Watching The Trends

By Scott Norton

We are knocking on the door to the spring transition. It is the most important season to fish all year. This is the season that is split up into 3 separate seasons such as pre-spawn, spawn, and post spawn.

It is good now to prepare for the tackle rush that happens each year. You will see that the most important baits and terminal tackle get bought up with no restock until after the season ends. If you find yourself needing supplies and everything is out of stock checkout your local bait shops. They usually know based off of the previous year’s just how much supply they need to serve the local community. If that did not work then now is a good time to learn new lures or techniques that will make you better or at least forcing you to think outside the box.

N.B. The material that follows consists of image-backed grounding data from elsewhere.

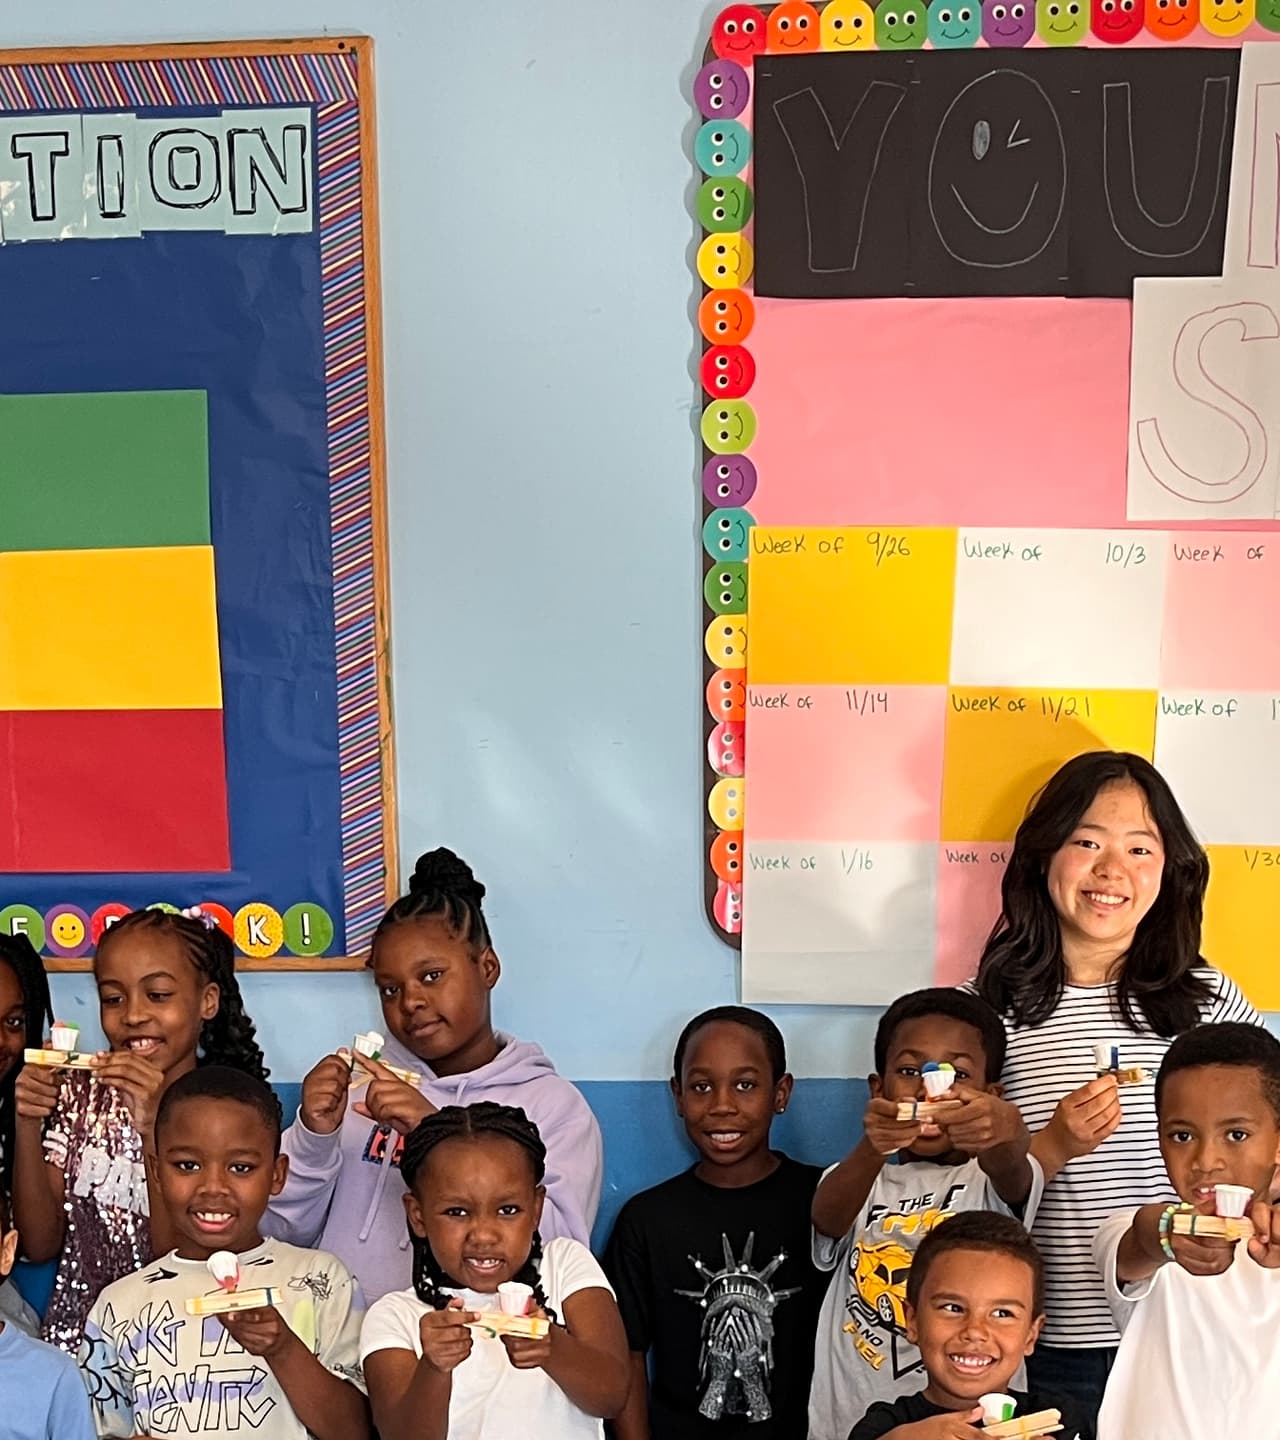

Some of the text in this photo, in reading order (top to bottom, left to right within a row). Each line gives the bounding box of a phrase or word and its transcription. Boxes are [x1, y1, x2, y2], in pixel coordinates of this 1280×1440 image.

[774, 69, 1230, 272] YOU
[818, 536, 844, 555] of
[866, 531, 911, 566] 9/26
[1020, 545, 1043, 561] of
[1105, 541, 1147, 567] 10/3
[1246, 544, 1265, 561] of
[797, 697, 814, 709] of
[845, 689, 888, 713] 11/14
[1001, 696, 1027, 713] of
[1040, 696, 1090, 721] 11/21
[1211, 698, 1238, 718] of
[791, 855, 817, 871] of
[840, 849, 874, 873] 1/16
[989, 850, 1008, 864] of
[898, 1191, 935, 1214] THE

As of now the bass can be slow and nonactive especially in the upper elevations. The trick for this is the warming trends. Bass will pull up to the shallows to feed or just to warm up in the sun. This makes them predictable and easy to catch. You can make your time count by making your trips planned around these trends. You can still catch fish on any given day, but the juice may not be worth the squeeze. It is all about stacking the odds in your favor.

Do not forget to check your line from the previous season. I cannot tell you how many times I have gotten on a good bite and either I did not have enough line spooled on my reel or the line was bad from fraying or too much line memory. Rusty hooks are the next problem that leads to being out of the hooks you need. Take inventory of what you have, and your baits will have more time in the water which is the point to have success on the water.

Be aware of the condition of your batteries. If you are on your third year with your batteries keep in mind they may be on life support if you have left them in your boat in the cold. You will experience the shortest trip you have ever had not to mention the trouble you have if you cannot start your main motor. On windy days this situation can turn into a dangerous situation leaving your boat on the rocks.

Be smart be safe and have fun this season. Fish on!

Scott Norton is a Western North Carolina native. Born in Asheville, N.C., he is a long-time hunter, angler and weekend warrior.